These are not the things that lovers whisper "I love you" about when they snuggle into bed at night.  These are not the things that families keep bringing up in the kitchen, just to remind you how much they appreciate you.  These are not the stories that friends tell when they come together over coffee every week, month, year, decade.  These are just the little things; the things that only matter when we get them wrong and we can't be lovers, families, or friends any more.  (Which is so dumb, I know, but it happens.  It's happened to all of us.)

In meaning so little, it's the little things that mean so much.  It's the little things that mean respect.  That mean honor.  That mean value.  It's the little things that define our relationships with one another and either give us the chance for the big moment or set the stage for the fight.  In thinking about it, in really thinking about it, I'd rather have the moment.  I'd rather have the big things.

Surrender the little things to grace.  Because no, they don't matter much if we get them "right."  But when we do the little things right, we have the chance for the big things.  We have the chance for forgiveness, for mercy, for grace, for strength, for family, for friends, for lovers.  For love.

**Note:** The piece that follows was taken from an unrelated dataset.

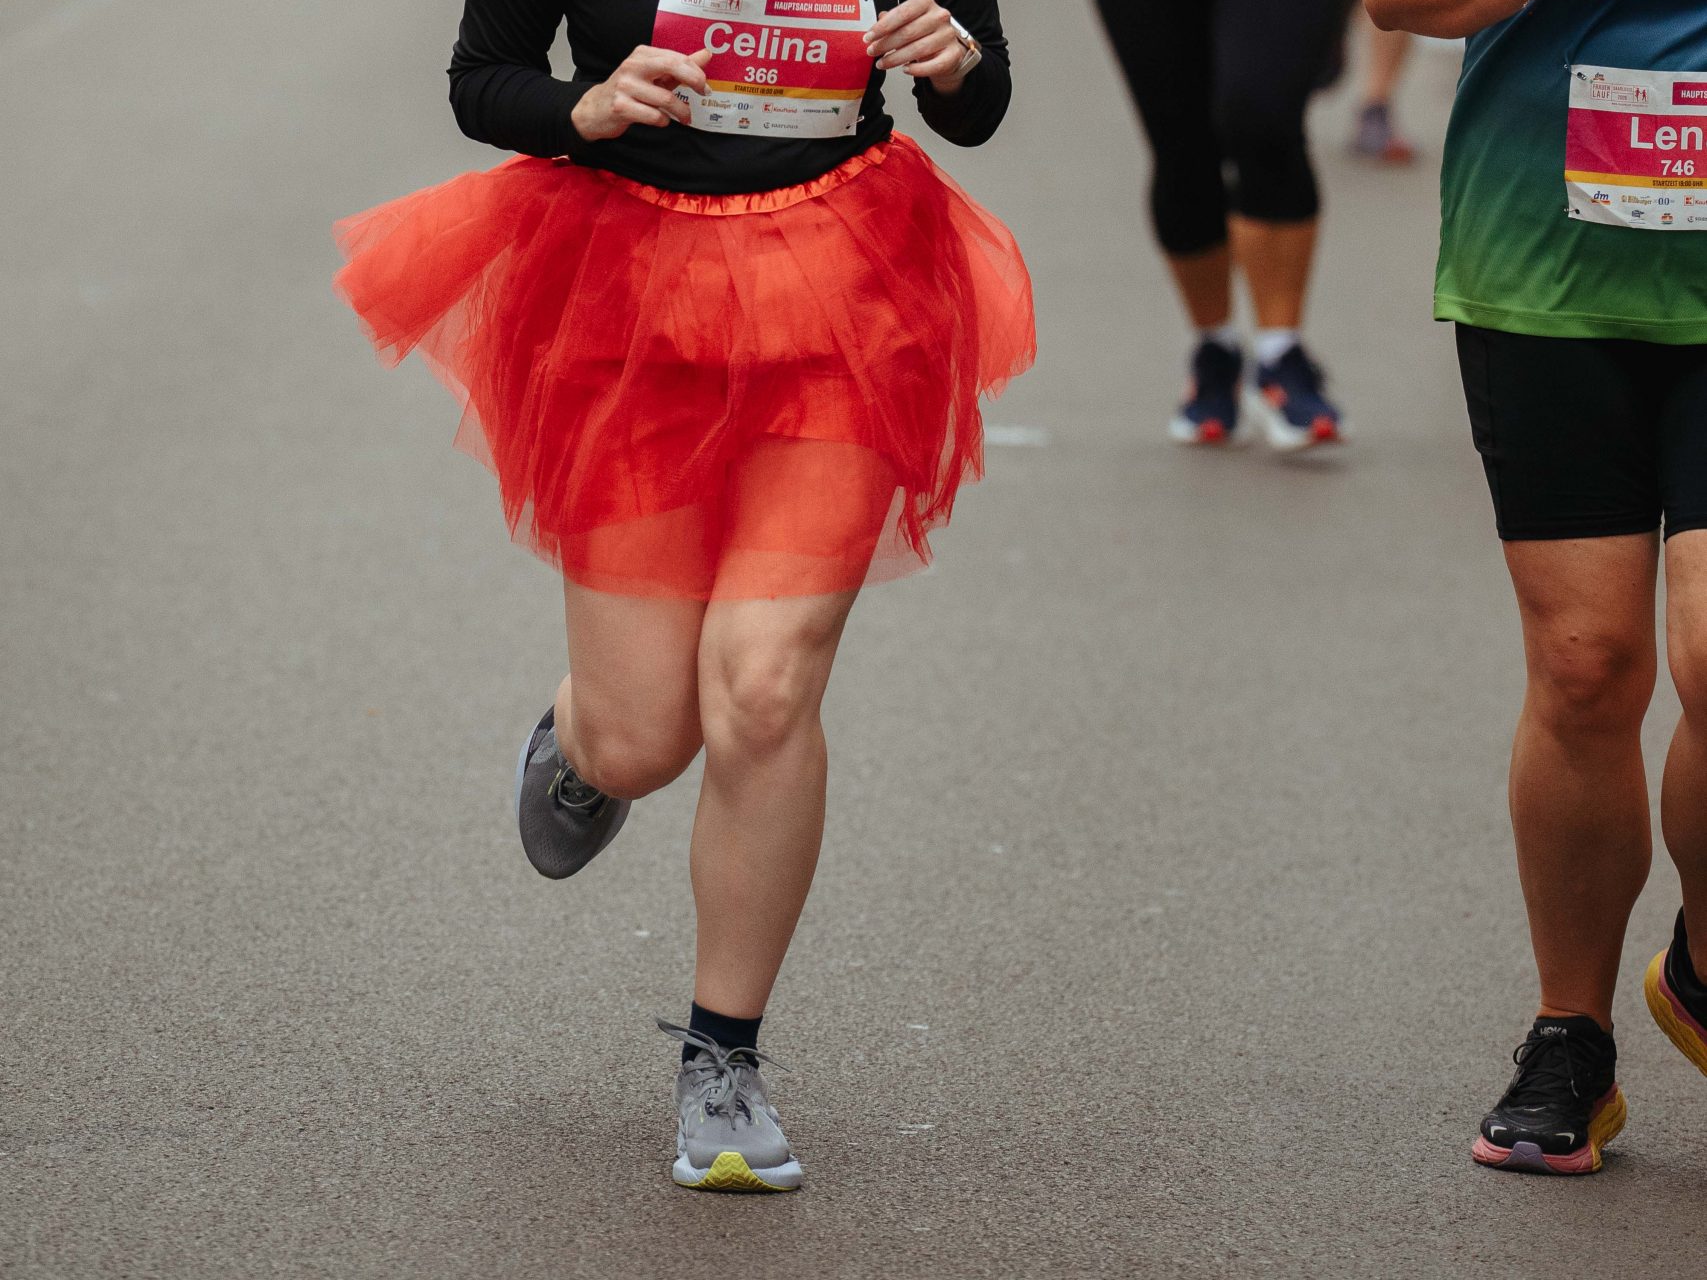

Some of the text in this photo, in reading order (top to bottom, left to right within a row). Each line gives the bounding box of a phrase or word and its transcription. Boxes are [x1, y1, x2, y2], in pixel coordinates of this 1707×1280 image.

That's why when I do what I would normally do, I do not end by doing what I do but instead by not doing what I should not do and instead doing something completely different.  It's grace in the little things.  For the sake of the bigger things.

Monday, February 25, 2013

Relax

God must have gotten a few wires crossed - or completely removed - when He wired me.  I say that because I have the cognitive inability to relax.

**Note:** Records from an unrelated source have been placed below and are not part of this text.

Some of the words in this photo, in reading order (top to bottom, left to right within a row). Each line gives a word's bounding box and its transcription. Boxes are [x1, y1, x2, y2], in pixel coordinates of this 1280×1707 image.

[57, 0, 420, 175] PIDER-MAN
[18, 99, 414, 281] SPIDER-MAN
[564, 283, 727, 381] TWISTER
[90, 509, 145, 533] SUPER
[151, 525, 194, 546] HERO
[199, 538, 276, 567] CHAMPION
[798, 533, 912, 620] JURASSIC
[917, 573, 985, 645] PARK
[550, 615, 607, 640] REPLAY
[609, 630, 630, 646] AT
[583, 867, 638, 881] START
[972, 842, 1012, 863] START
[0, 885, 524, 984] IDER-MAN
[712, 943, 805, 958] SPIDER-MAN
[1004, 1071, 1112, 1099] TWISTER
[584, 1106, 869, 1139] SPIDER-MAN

You might think you know what I'm talking about, if you share this energetic gusto, but as much as I knew I had trouble slowing down, the relax thought was new to me.  It struck a couple of months ago after, by sheer accident, I did it.

I was lying in bed, as any other night, and I'd been lying there for about two and a half hours.  When I'd crawled into bed, I remember it felt so good to settle in for the night.  To settle down for a bit?  I don't remember what exactly I had done that day, but I remember that bed was appreciated and long overdue.  For that first split second as I worked the covers all snug around me, I had the fleeting thought that, "ahhhhh........"  Very fleeting because within a half-second, I was thinking about how relaxed I was.  Thinking about finally stopping for the night.

Thinking about what it felt like to lie there relaxed and ready for sleep.

Thinking about what it's like to fall asleep.

Thinking I ought to fall asleep.

After a couple hours of that, as I was still thinking about the intricacies of sleep, I felt my body actually let go and finally relax.

It wasn't until that moment that I realized that every other time in my life I thought I'd been relaxed, I also had the conscious thought, "I am relaxed now," which was enough to convince me I was relaxed but not actually enough to relax me.

It wasn't until that moment that I realized I had been doing it all wrong.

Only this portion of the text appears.